Binary mixtures of mammalian cells self-organize into multicellular clusters that coarsen above a critical cell density

Cell behavior is highly dependent on its surrounding environment, including neighboring and adjacent cells. Individual cells can merge and form a solid-like state for a “jamming” effect or a highly dense cell mass can disperse and become more mobile, for an “unjamming” transition. Both behaviors have been observed in complex, multi-cellular interactions such as wound healing, embryonic development, and tumor metastasis.

To investigate jamming-unjamming cell transitions, researchers from Brown University describe methods to quantify cell-cell interactions in a recently published Soft Matter article. The group observed co-cultures of epithelial cells and mesenchymal cells and their ability to cluster (jamming) or remain mobile and unconnected (unjamming). Epithelial cells collectively organize to form dense multi-layered cell sheets while mesenchymal cells avoid cell-cell bonds and are capable of individual migration.

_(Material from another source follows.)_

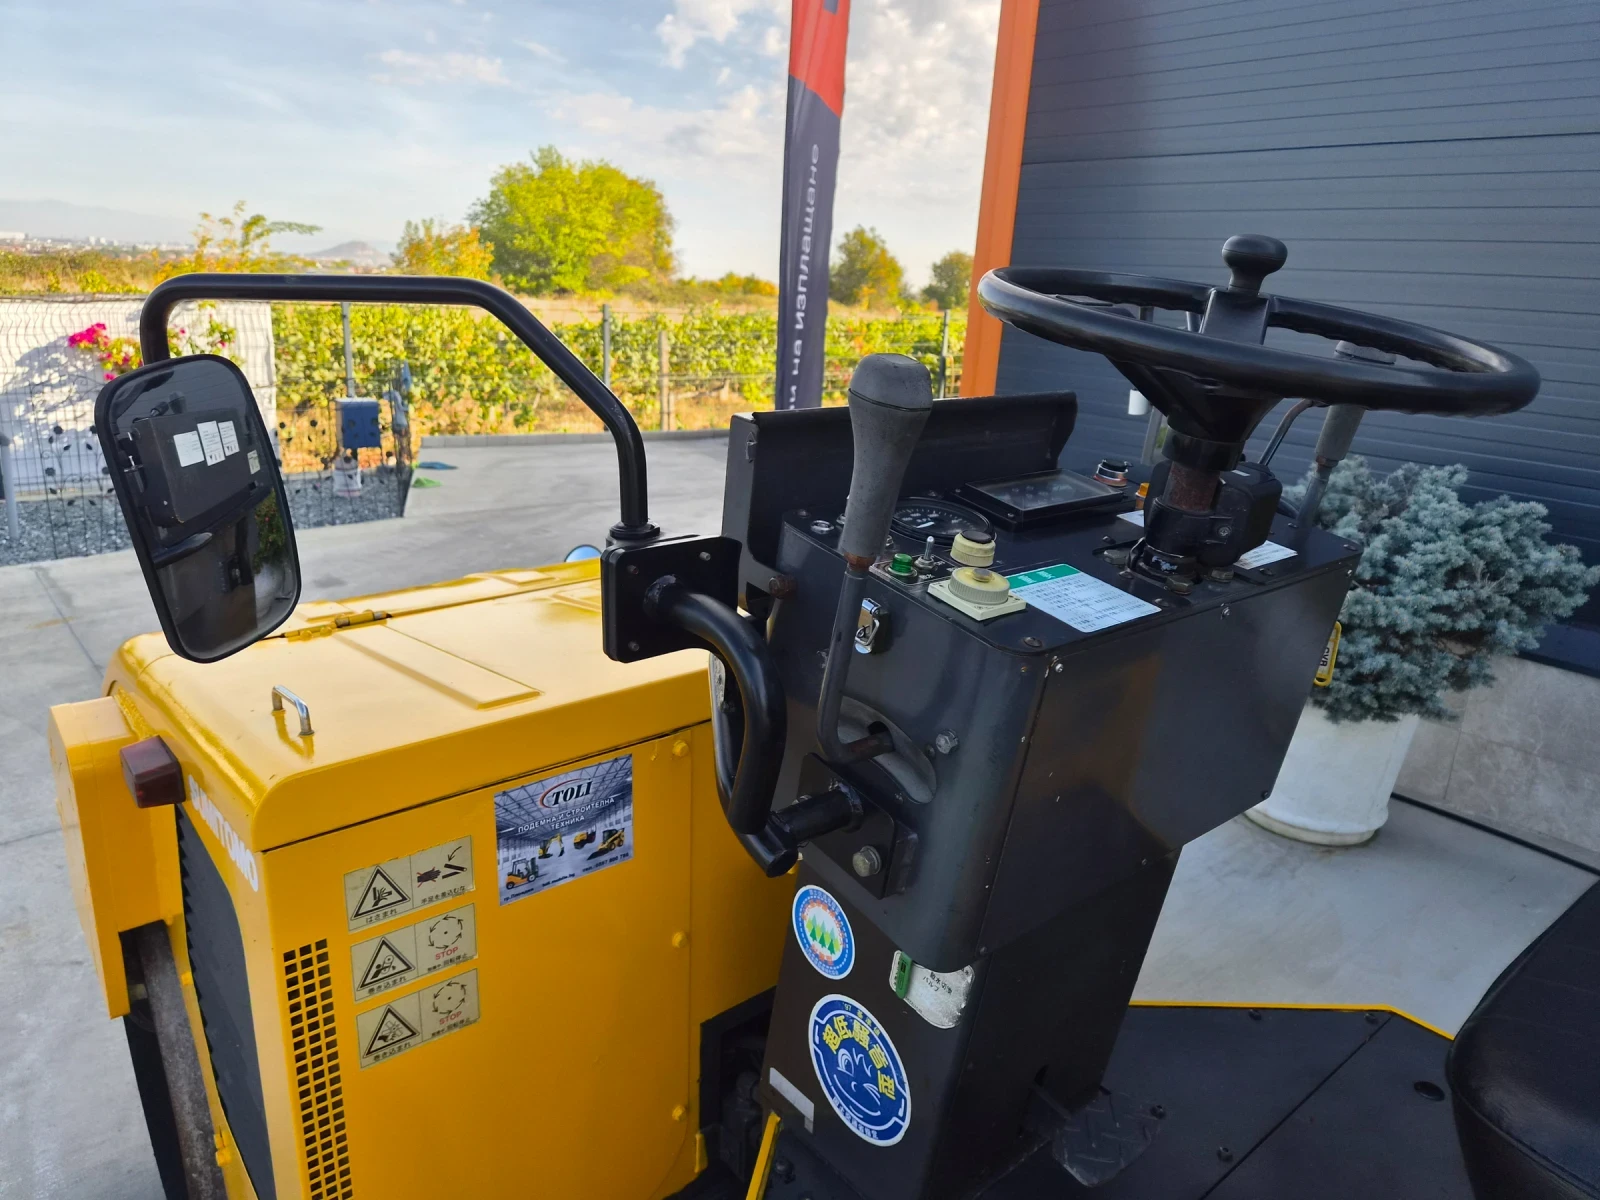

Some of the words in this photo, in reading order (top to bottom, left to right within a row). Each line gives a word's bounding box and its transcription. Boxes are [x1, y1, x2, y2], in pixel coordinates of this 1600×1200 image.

Cell clustering ability with different ratios of epithelial (red) and mesenchymal cells (green)

By increasing the number of mesenchymal cells in an epithelial cell population, the research group observed a reduction in epithelial cell clustering causing a significant disruption in cell sheet formation and confluency. The addition of mesenchymal cells also increased the average collective cell velocity and decreased cell proliferation, reducing the typical jamming behavior of epithelial cells.

The research provides important biophysical data for collective cell behavior as well as introducing new parameters to control cell jamming-unjamming transitions.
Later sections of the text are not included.